This page is a companion to an article published in STAT News, where I describe the value of taking a “bird’s eye perspective” on the clinical trial enterprise.

In December 2018, I downloaded data on all of the clinical trial registration records from 10 large pharmaceutical companies and AERO graphed them all together—by trial start date on the x-axis, and disease/condition of interest on the y-axis. The resulting figure, which includes more than 13,000 trials, is below.

Each bubble in the figure corresponds to a trial. The bubble color corresponds to the company; its size corresponds to the number of human subjects enrolled. Bubble shape indicates the trial’s current status, e.g., circles are completed trials; triangles are still active.

You can interact with the figure by mousing-over any bubble to see more information about the study. You can also click on any bubble to open the trial’s registration page on ClinicalTrials.gov.

For more on my interpretation of the figure, please do check out the piece at STAT. Or if you scroll all the way down to the bottom of the page (it’s a long way down there!), I describe some of the technical details about how this figure is produced.


 
Sponsor Trial Map
 

Notes and Updates

July 23, 2019: You can now download the data set for this figure from the Harvard Dataverse.

July 18, 2019: Like most of the visualizations on this site, this figure is produced using Python and the Bokeh visualization library. I have scripts to download all of the trial data (in xml format) from these 10 sponsors, extract and combine the data from the xmls into one spreadsheet, and then graph the result.

But one of the major challenges in analyzing or visualizing ClinicalTrials.gov data is the fact that the there is no standardized vocabulary or ontology for how to describe the condition/disease of interest in a clinical trial. For example, one trial might describe itself as studying “Alzheimer’s disease and dementia” and another describe itself as studying “Alzheimer’s and related dementias”. While a human can look at those two descriptions and immediately judge them to be the same, a computer will need some help.

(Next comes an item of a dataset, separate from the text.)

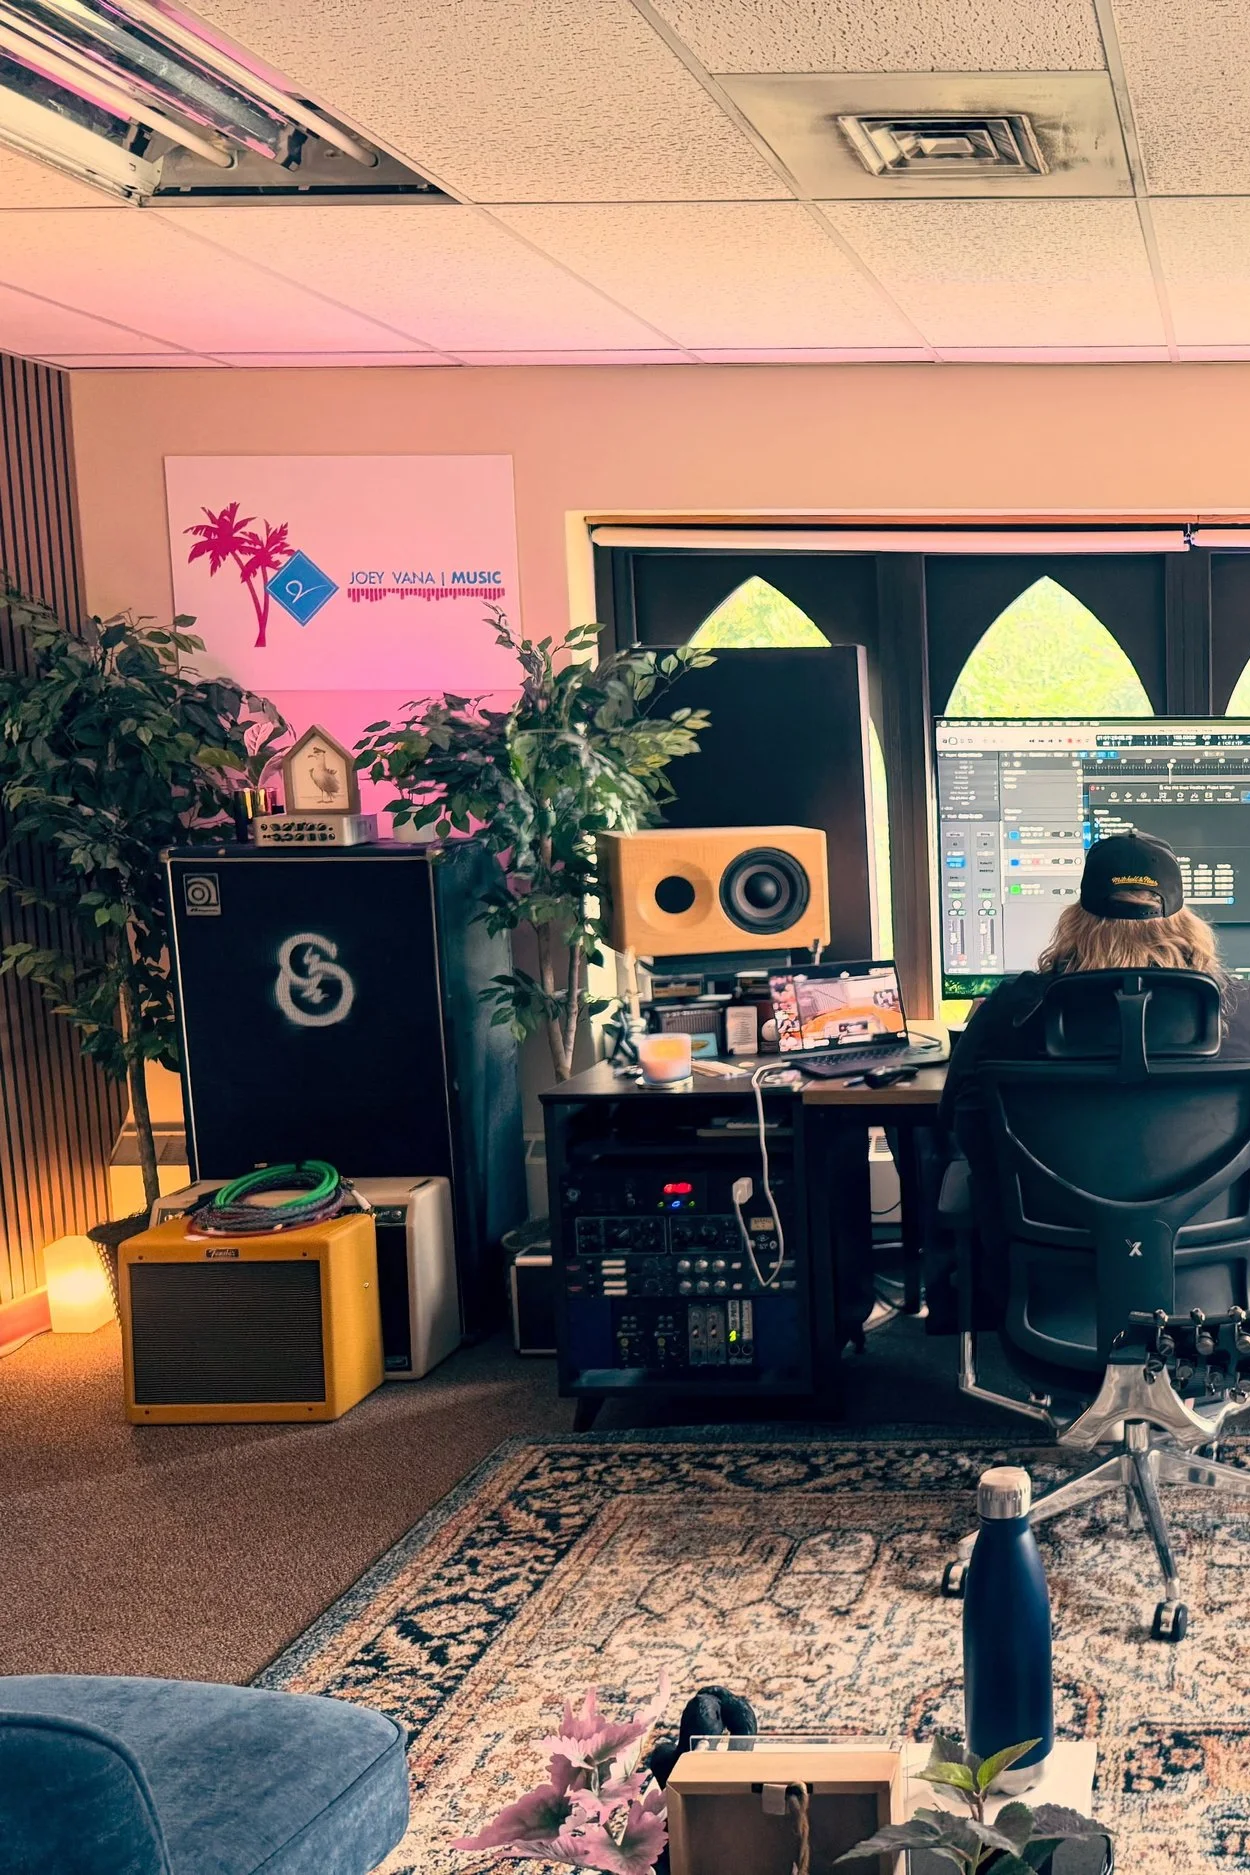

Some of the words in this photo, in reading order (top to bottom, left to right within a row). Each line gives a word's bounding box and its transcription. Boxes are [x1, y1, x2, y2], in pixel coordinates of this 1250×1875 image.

[349, 571, 385, 585] JOEY
[392, 571, 436, 585] VANA
[451, 571, 502, 585] MUSIC

Fortunately, many (although not all) registration records are tagged with MeSH terms, and MeSH is a structured vocabulary. Therefore, to transform the unstructured condition field data into structured data, I wrote an algorithm that uses the MeSH terms and fuzzy text matching with some of the other fields in the registration record to make a judgment about the condition of interest. Although this algorithm is not perfect and there is certainly some noise in the figure, it is nevertheless accurate enough to provide a meaningful picture of more than 13K trials—and it does so without having to do any manual coding of the data.